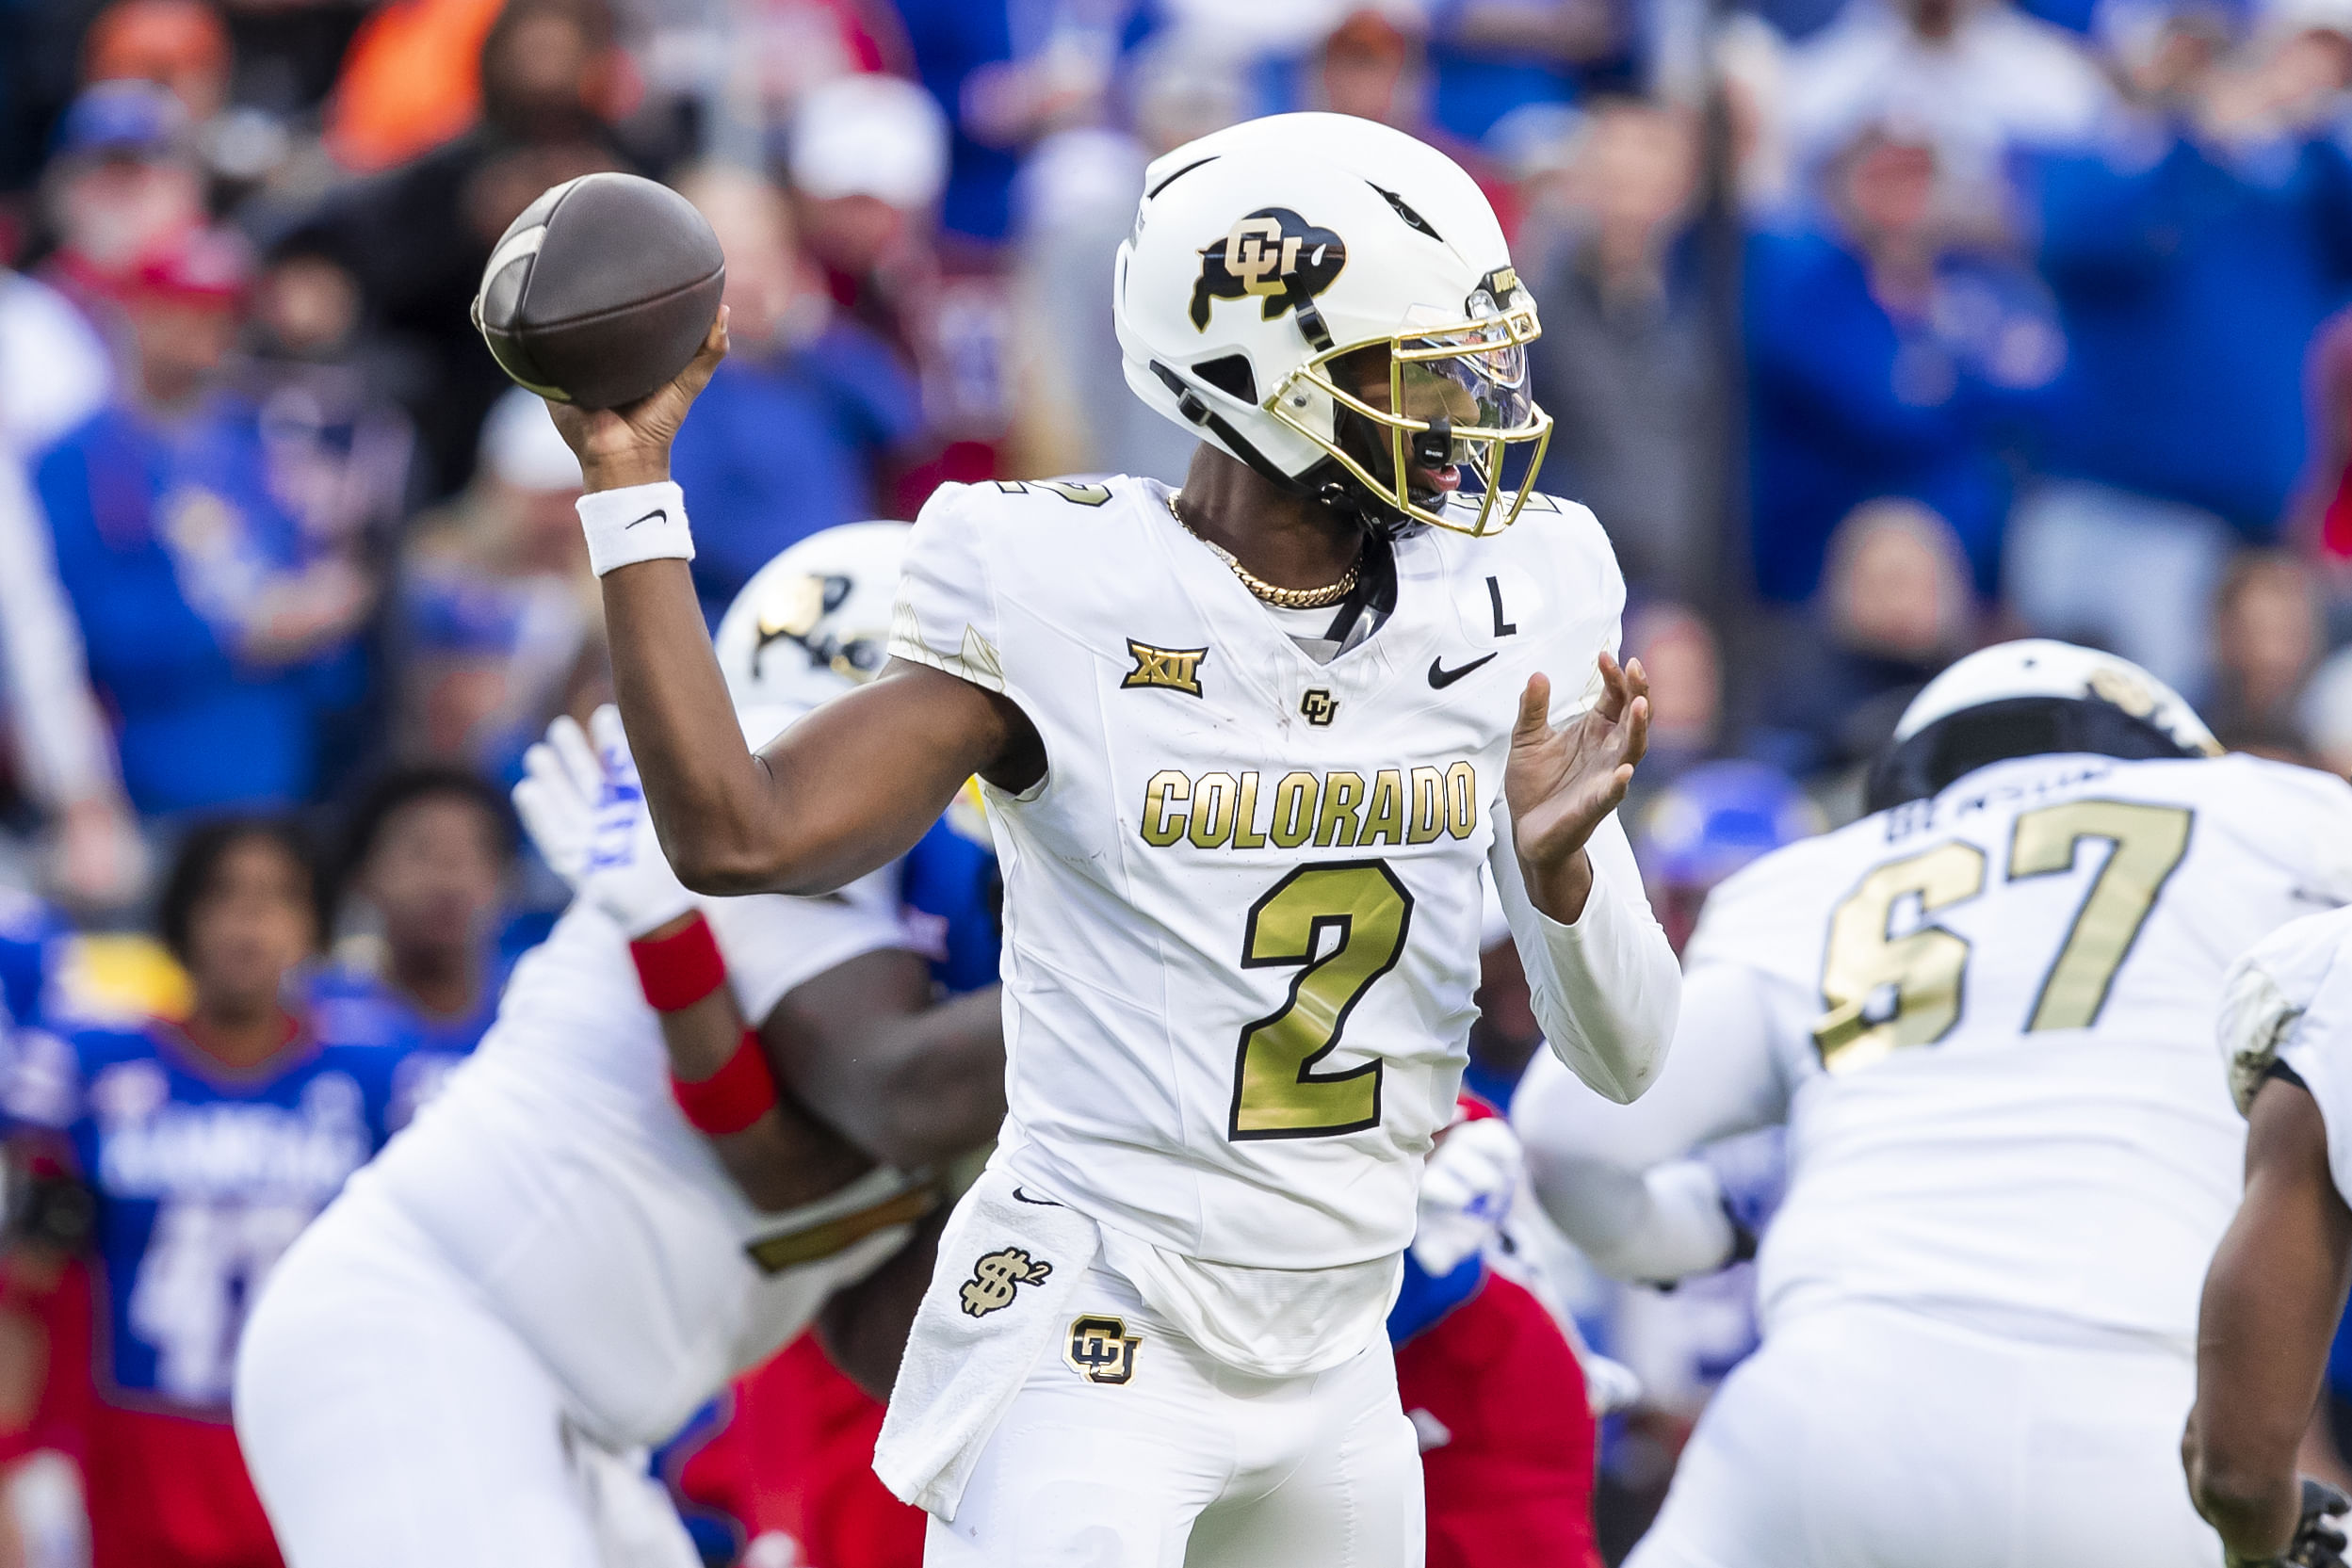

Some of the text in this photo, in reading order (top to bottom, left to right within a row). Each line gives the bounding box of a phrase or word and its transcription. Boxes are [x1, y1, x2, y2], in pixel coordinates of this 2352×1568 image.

[1225, 217, 1303, 296] CU
[1485, 575, 1517, 638] L
[1124, 640, 1206, 696] XII
[1301, 687, 1340, 727] CU
[1141, 761, 1477, 849] COLORADO
[1811, 798, 2195, 1074] 67
[1228, 858, 1415, 1142] 2
[1064, 1314, 1143, 1385] CU

◆ **Work order**
Exclude the pictures and repeat the entries word for word.

◆ **Final answer**
Some of the text in this photo, in reading order (top to bottom, left to right within a row). Each line gives the bounding box of a phrase or word and its transcription. Boxes are [x1, y1, x2, y2], in pixel coordinates of this 2352×1568 image.

[1225, 217, 1303, 296] CU
[1485, 575, 1517, 638] L
[1124, 640, 1206, 696] XII
[1301, 687, 1340, 727] CU
[1141, 761, 1477, 849] COLORADO
[1811, 798, 2195, 1074] 67
[1228, 858, 1415, 1142] 2
[1064, 1314, 1143, 1385] CU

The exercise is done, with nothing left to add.